Task>
Output the entries exactly as they appear. Pictures should not be included.
-- Opening Marker --
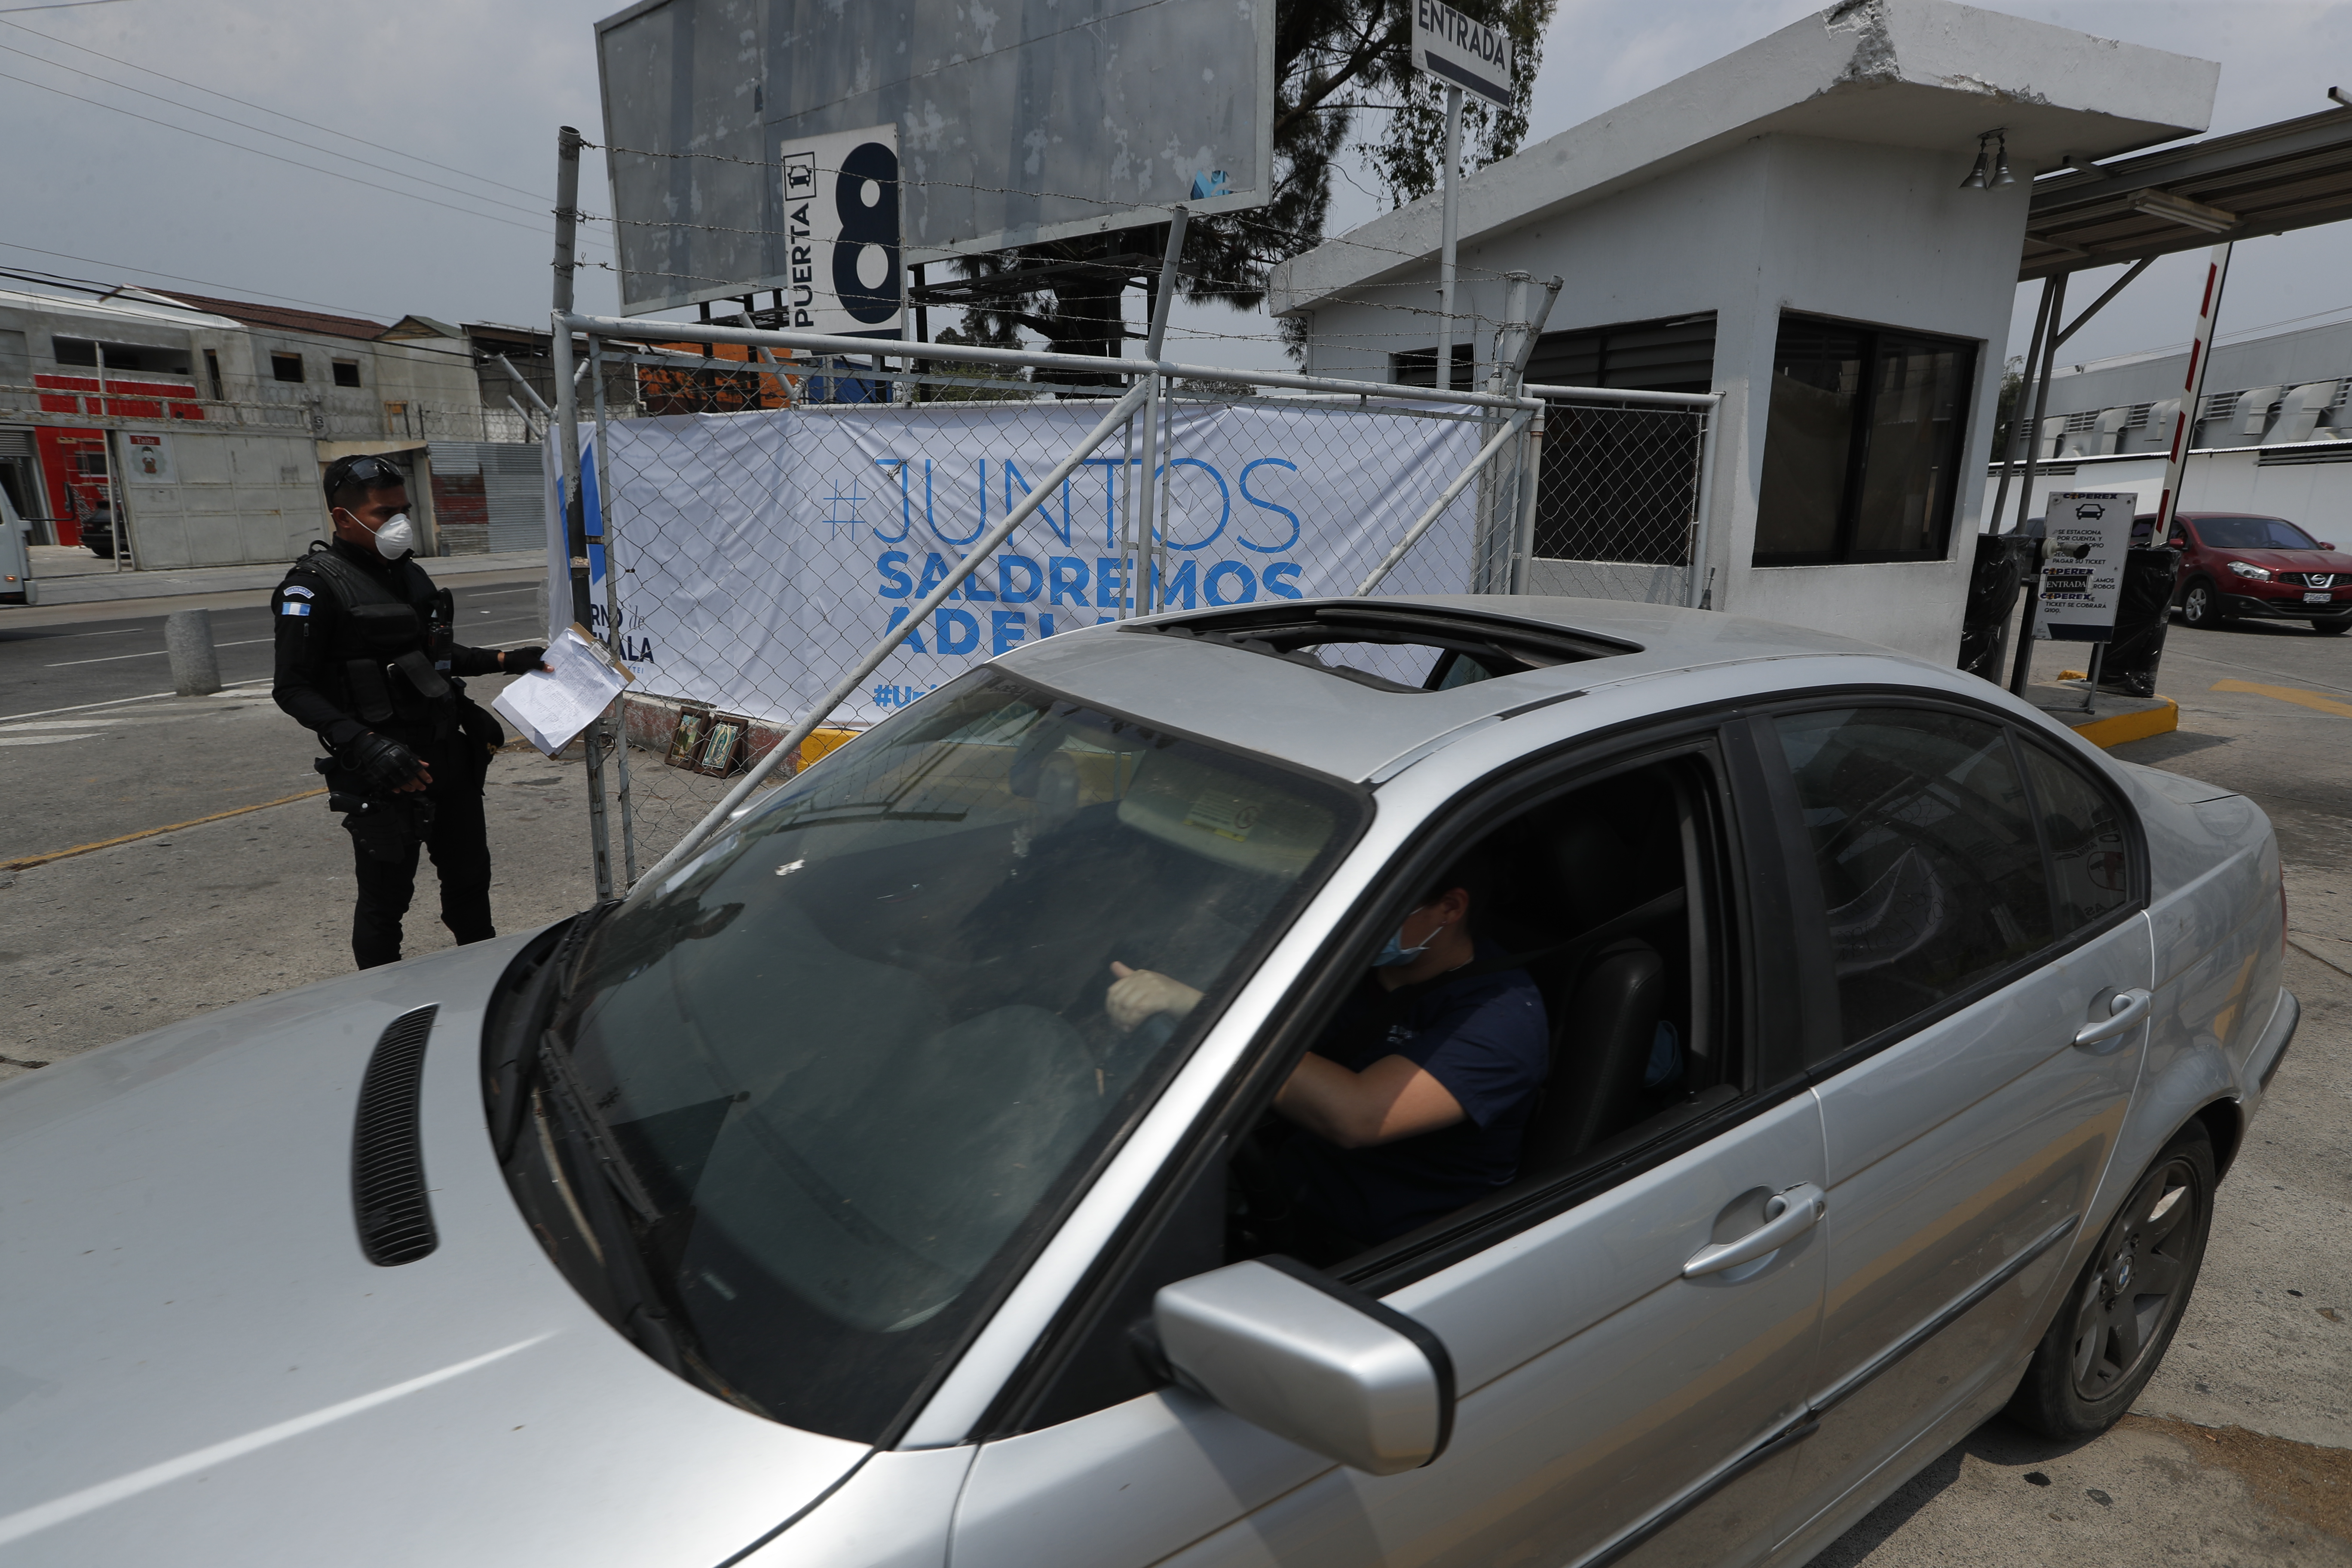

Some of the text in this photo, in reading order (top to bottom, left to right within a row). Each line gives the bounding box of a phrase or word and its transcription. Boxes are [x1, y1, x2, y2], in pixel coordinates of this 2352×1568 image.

[1418, 0, 1505, 70] ENTRADA
[790, 202, 814, 327] PUERTA
[832, 142, 901, 324] 8
[877, 549, 1304, 609] SALDREMOS
[629, 605, 645, 631] de
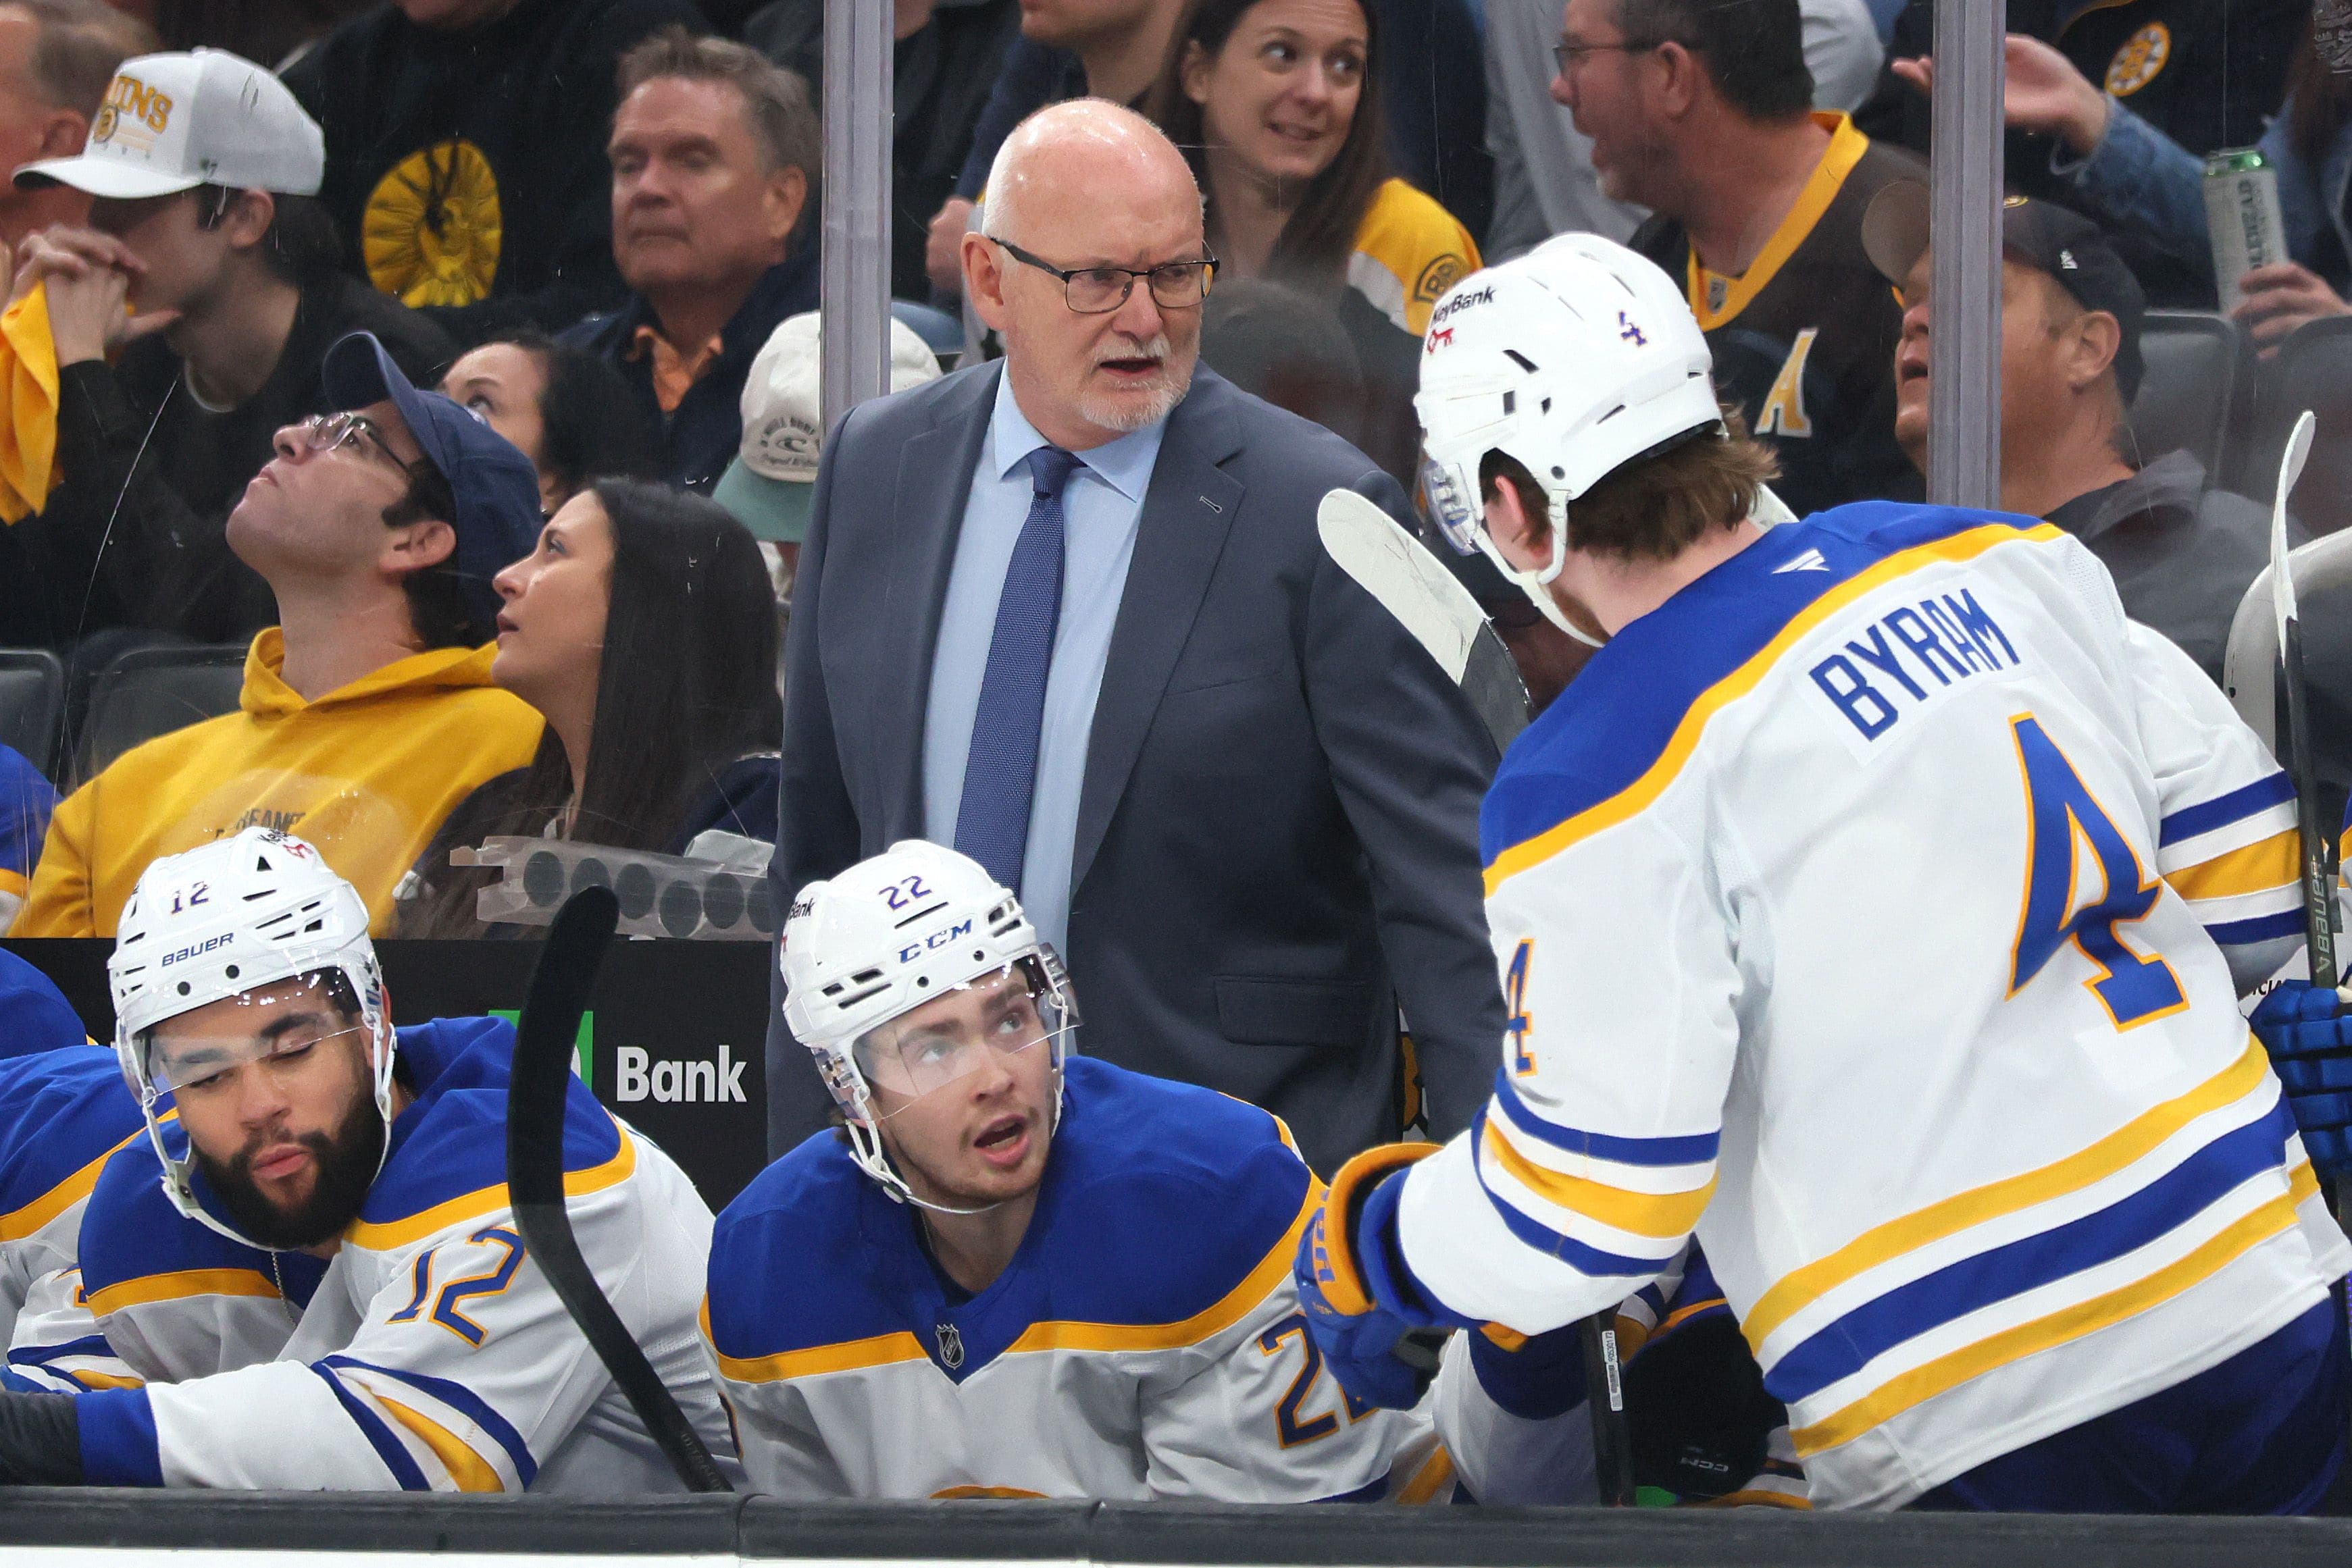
-- Closing Marker --
Result for this exercise>
Some of the text in this photo, in reading order (top to bottom, left to right within a row). Each line gives the bounding box of a phrase or word and its transcription. Boxes are [x1, y1, x2, y2], in pixel coordinates of this 2352×1568 image.

[1418, 0, 1505, 70] ENTRADA
[790, 202, 814, 327] PUERTA
[832, 142, 901, 324] 8
[877, 549, 1304, 609] SALDREMOS
[629, 605, 645, 631] de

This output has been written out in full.